Based on a project called The People’s State of the Union, the event — called Social Justice Sunday — will invite local residents to tell their stories, any stories of their lives in the Mid-Ohio River Valley, in a setting inspired by the Native American story circle.
Jane Tumas-Serna, the artist organizer, said Social Justice Sunday is a natural outcome of work the Unitarian Universalist Church in Marietta has been doing for some time along with her work as an artist.
“I’ve gotten interested in arts as social justice activism,” she said.
Participants, she said, will be offered the opportunity to speak without being interrupted, in a climate of respectful listening.
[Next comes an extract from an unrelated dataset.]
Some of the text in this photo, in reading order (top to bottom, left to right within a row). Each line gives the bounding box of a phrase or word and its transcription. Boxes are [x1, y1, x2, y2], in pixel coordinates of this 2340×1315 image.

“It’s an atmosphere in which people can speak up, an equal opportunity and encouragement to talk. Nothing negative, there will be procedures to follow, and prompts. Everybody has a chance to speak, without being contradicted. It’s about listening as well as speaking, a chance to hear the experiences, the state of the community.”
Tumas-Serna said the experiences given voice at the event will be recorded and entered as part of a national project organized by the U.S. Department of Arts and Culture, which despite its name is an independent nonprofit, not a government agency. The goal is to offer a more grassroots State of the Union portrait, about ordinary people rather than vast and impersonal forces.
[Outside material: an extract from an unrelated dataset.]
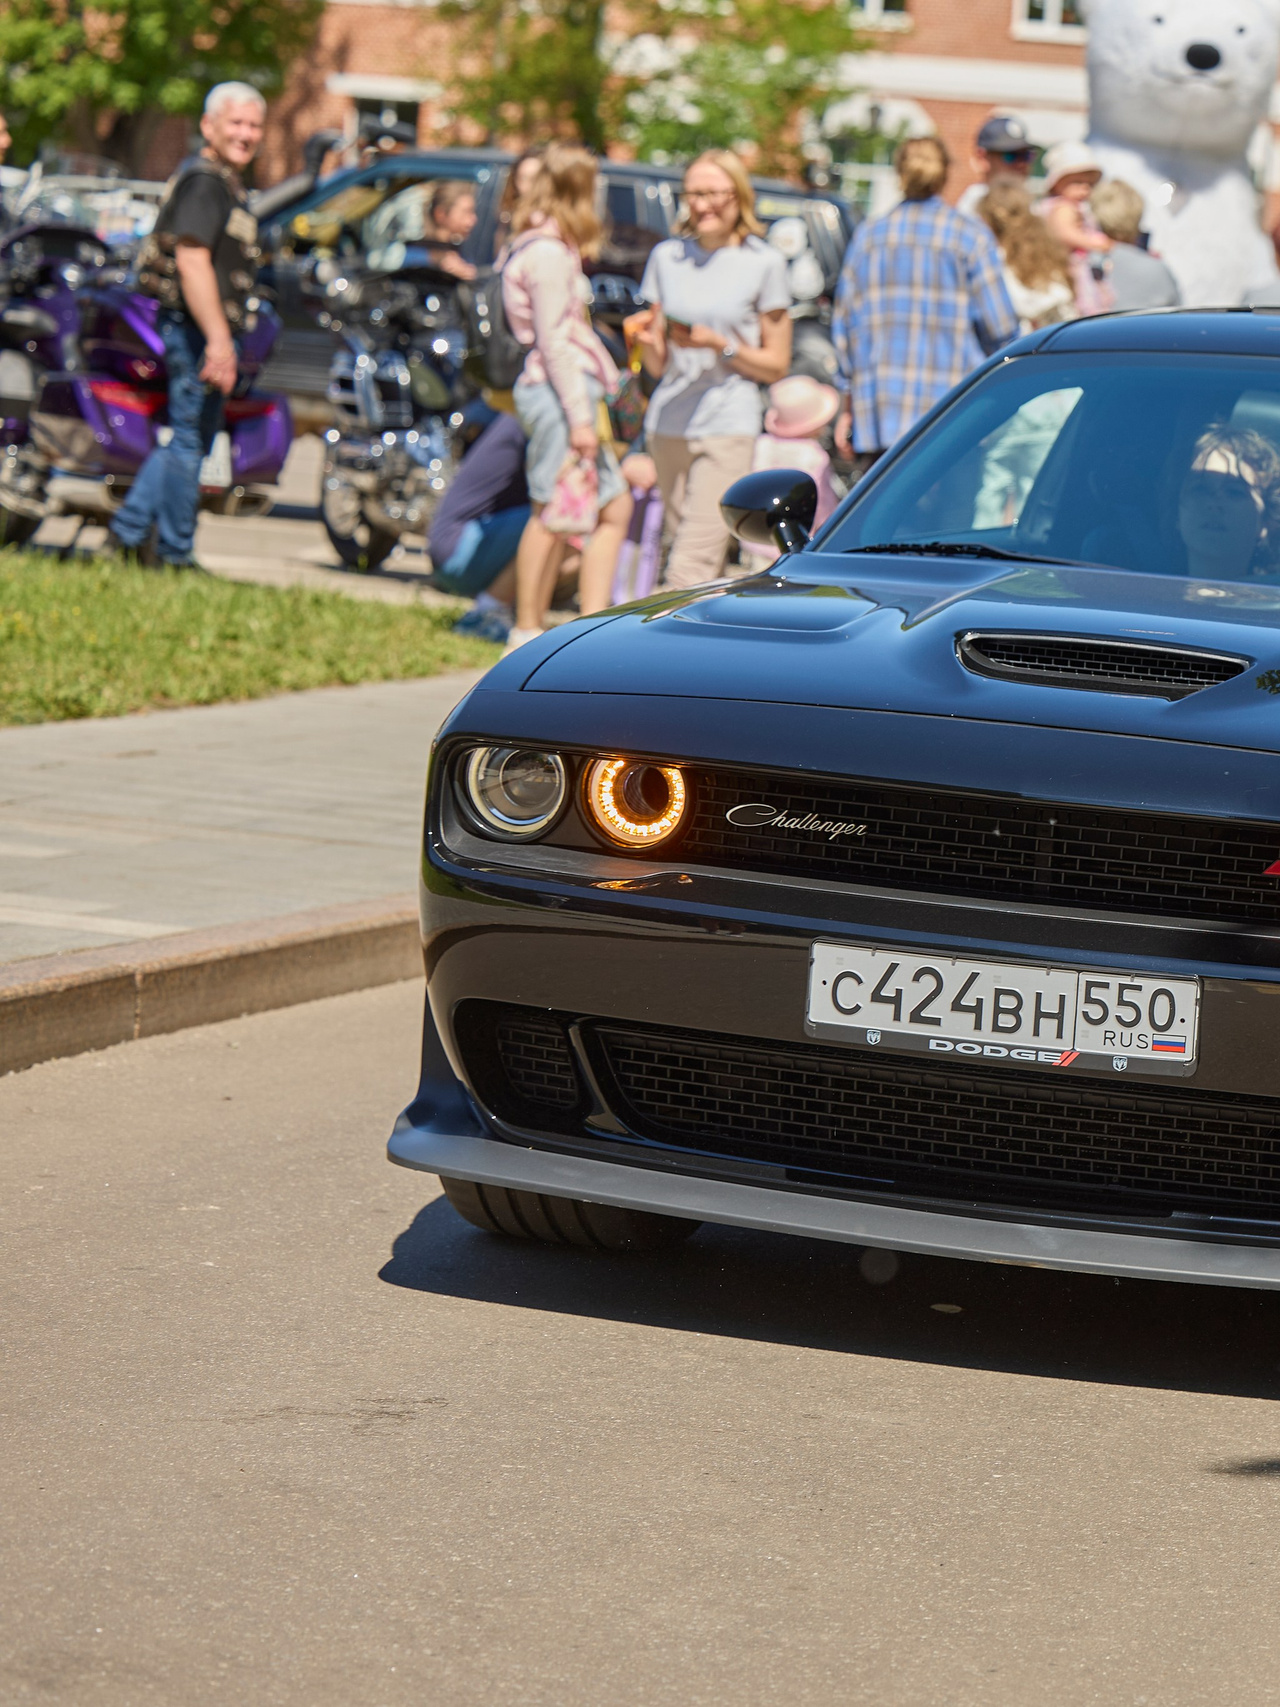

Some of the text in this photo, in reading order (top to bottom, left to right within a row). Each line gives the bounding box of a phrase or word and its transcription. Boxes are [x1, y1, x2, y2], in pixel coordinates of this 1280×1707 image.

[725, 803, 867, 840] Challenger
[1081, 979, 1176, 1033] 550
[928, 1039, 1063, 1063] DODGE
[1103, 1030, 1149, 1049] RUS
“There will be a facilitator and a scribe,” she said. “We will talk around the topics of the people who arrive, so it depends on who comes.”
Topics could range from the environment and the status of women to public education and nonviolent activism, she said. The stories recorded by the scribe will be uploaded to the U.S. Department of Arts and Culture, she said.
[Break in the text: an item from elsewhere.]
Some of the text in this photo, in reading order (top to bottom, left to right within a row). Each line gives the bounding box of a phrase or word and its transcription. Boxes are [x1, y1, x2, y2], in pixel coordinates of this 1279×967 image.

“Everyone is welcome. Everybody gets to have a voice in a safe space,” Tumas-Serna said.
Children can attend, she said. Those old enough to tell their own stories and keep quiet while others are talking can participate, and there will be child care available for younger children.
The event will be held from 1 to 3 p.m. Sunday at the First Unitarian Universalist Church, 232 Third St. in the basement through the side entrance.
To indicate participation, sign up on the event Facebook page or email Tumas-Serna at email@example.com. Anyone requiring child care must register in advance.
If you go
¯ What: Social Justice Sunday.
¯ When: 1 to 3 p.m. Sunday.
¯ Where: First Unitarian Universalist Church, 232 Third St. downstairs through the side access door.